Only ten out of 203 Grenfell Tower households have found permanent housing. Most are still waiting to be rehoused four months after the fire.
That’s despite council promises to find alternative housing for people. The broken promises made to survivors are stacking up.
A spokesperson for the Department for Communities and Local Government said last Thursday that councils would not get any help to force landlords to get rid of cladding.
The department does not view it as a “new burden” for councils and so will not give them money to take private landlords who fail to cooperate to court.
The Tories are continuing to treat survivors and anyone else who lives in social housing with contempt.
Grenfell Tower was managed by the Kensington and Chelsea Tenant Management Organisation (KCTMO).
The council took back all its housing stock from KCTMO last month.
At a meeting on Tuesday the council proposed that tenants vote to effectively disband the KCTMO.
A legal challenge was submitted raising concerns that not every resident of the KCTMO was to have a vote on the decision.
It also pointed out that “the TMO would cease to exist as an organisation and therefore may not be subject to prosecution for corporate manslaughter”. Under pressure, KCTMO advised a vote for the postponement of the decision.

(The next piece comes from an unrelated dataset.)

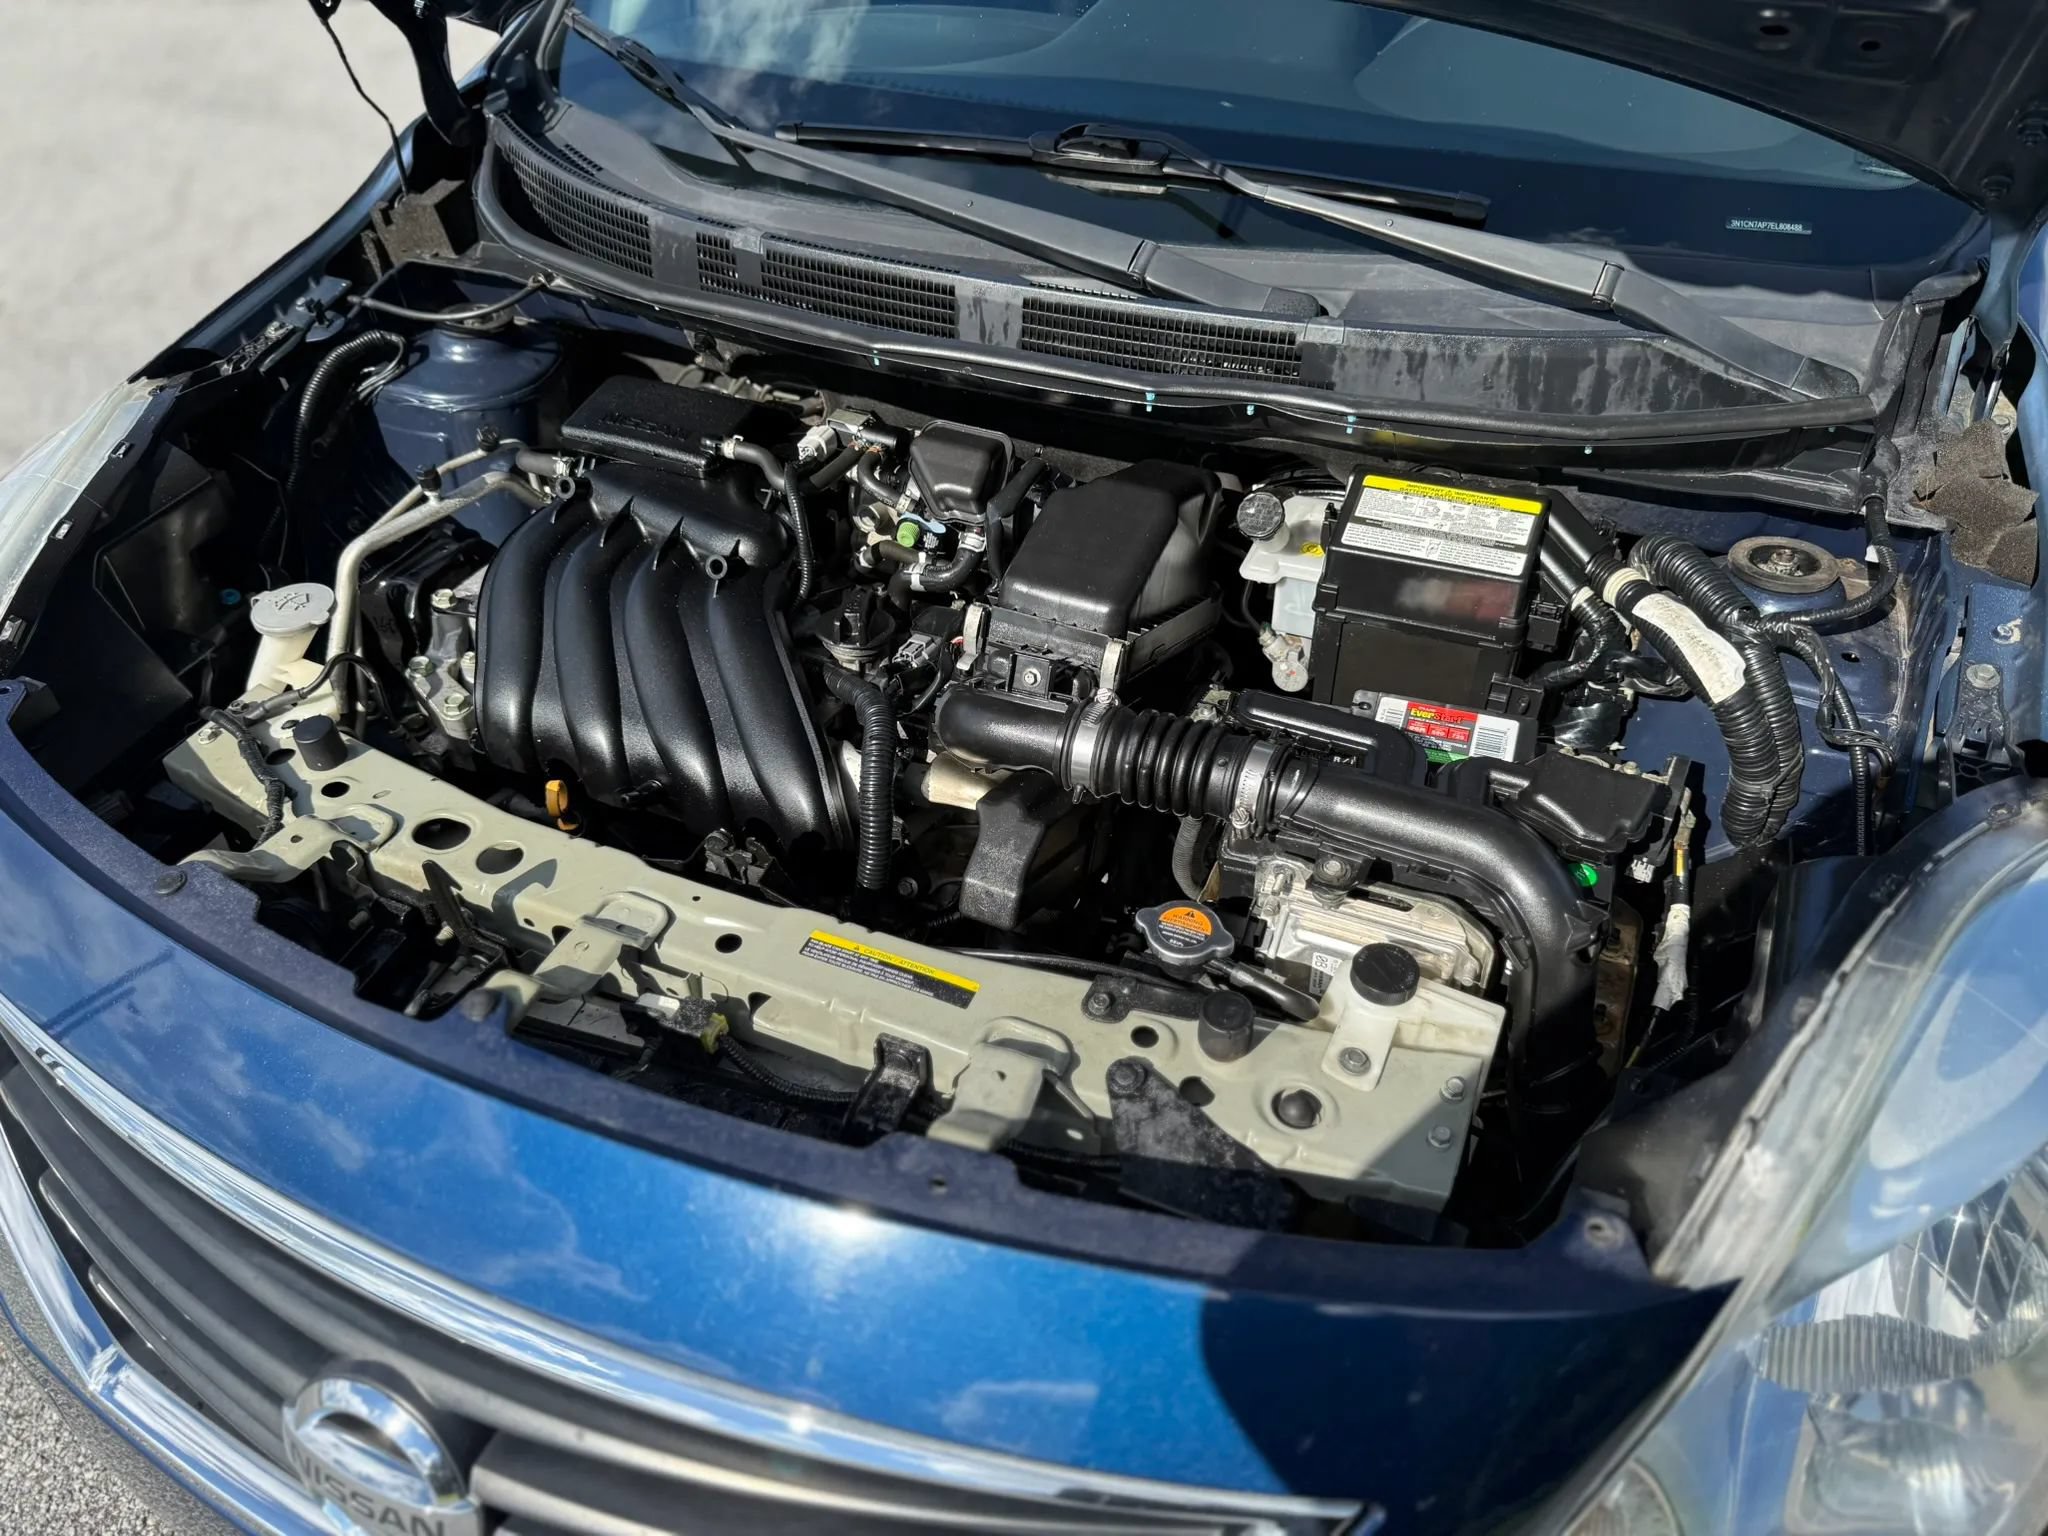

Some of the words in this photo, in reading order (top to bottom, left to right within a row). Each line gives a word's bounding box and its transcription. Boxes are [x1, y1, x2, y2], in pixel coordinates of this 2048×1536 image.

Joe Delaney, an evacuated resident from the Lancaster West estate, was in the meeting. He told Socialist Worker, “Following intense public pressure KCTMO proposed the motion tonight to adjourn the meeting and it was overwhelmingly voted in favour of.”
Joe said the KCTMO promised to “better consult residents in the future on such matters and also that residents will have a complete and total hand as to how any future housing entity or structure is comprised.”

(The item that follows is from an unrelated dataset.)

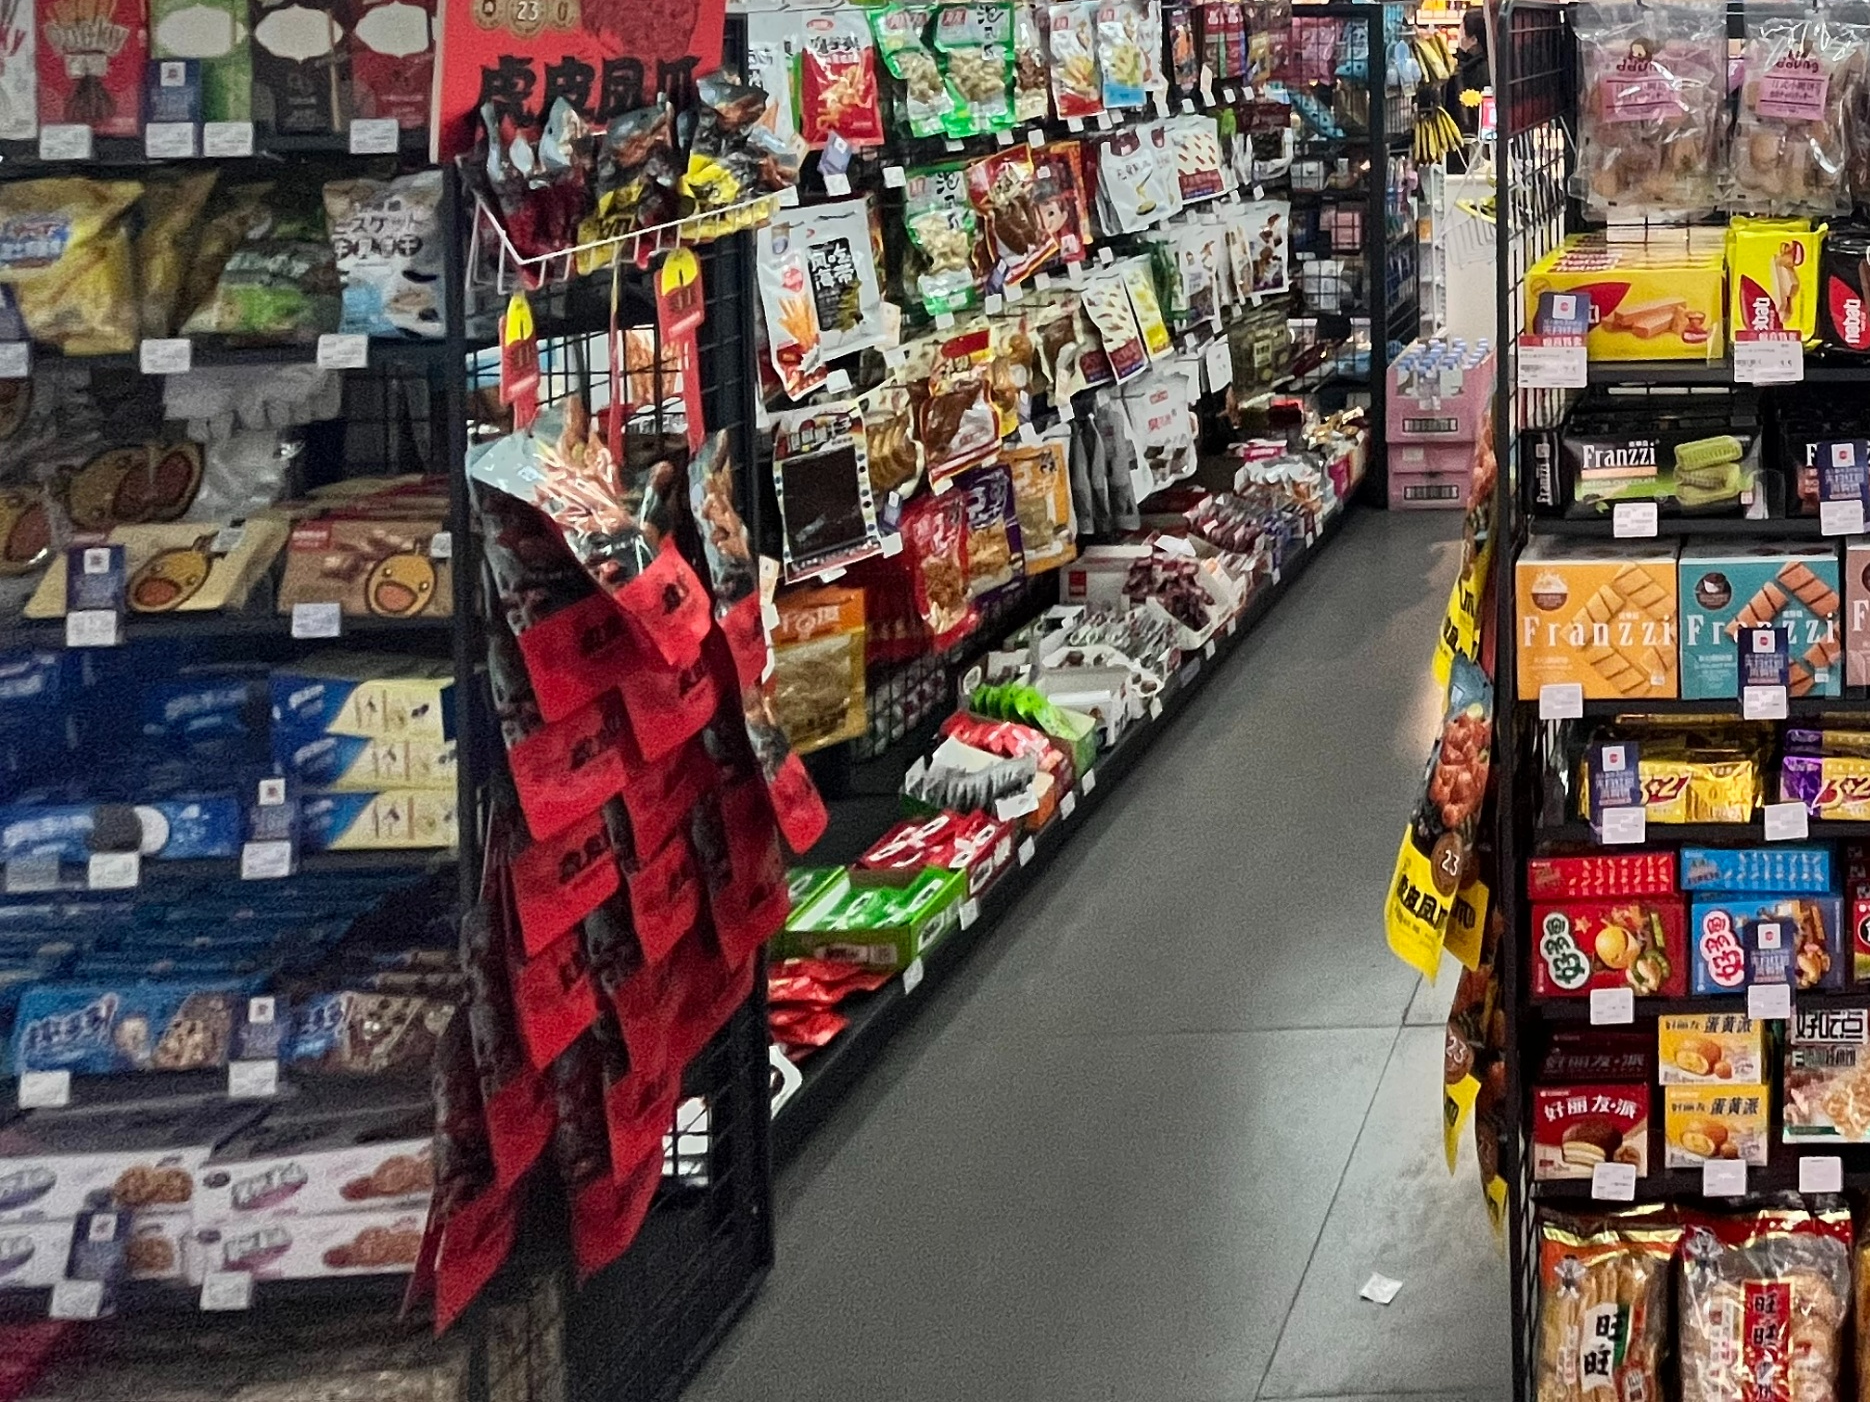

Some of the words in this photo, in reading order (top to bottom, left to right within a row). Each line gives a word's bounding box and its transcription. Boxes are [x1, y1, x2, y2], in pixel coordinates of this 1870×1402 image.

The vote will be adjounred for longer than the standard 21 days.
The Home Office published its guidance on the treatment of undocumented migrant survivors of the fire last Friday.
People will have to re-apply once a year for five years before they will be eligible for permanent residence.
That’s a climbdown from the Tories’ initial policy of a one year amnesty for undocumented migrants and is a partial victory.
But excluded from the policy is “any person for whom there are concerns about criminality, character or associations, including extremist behaviour”.
There is no definition of what could constitute “extremist behaviour”.
The Tories are trying to give with one hand and claw back with the other. A strong political and legal campaign can wring victories from them.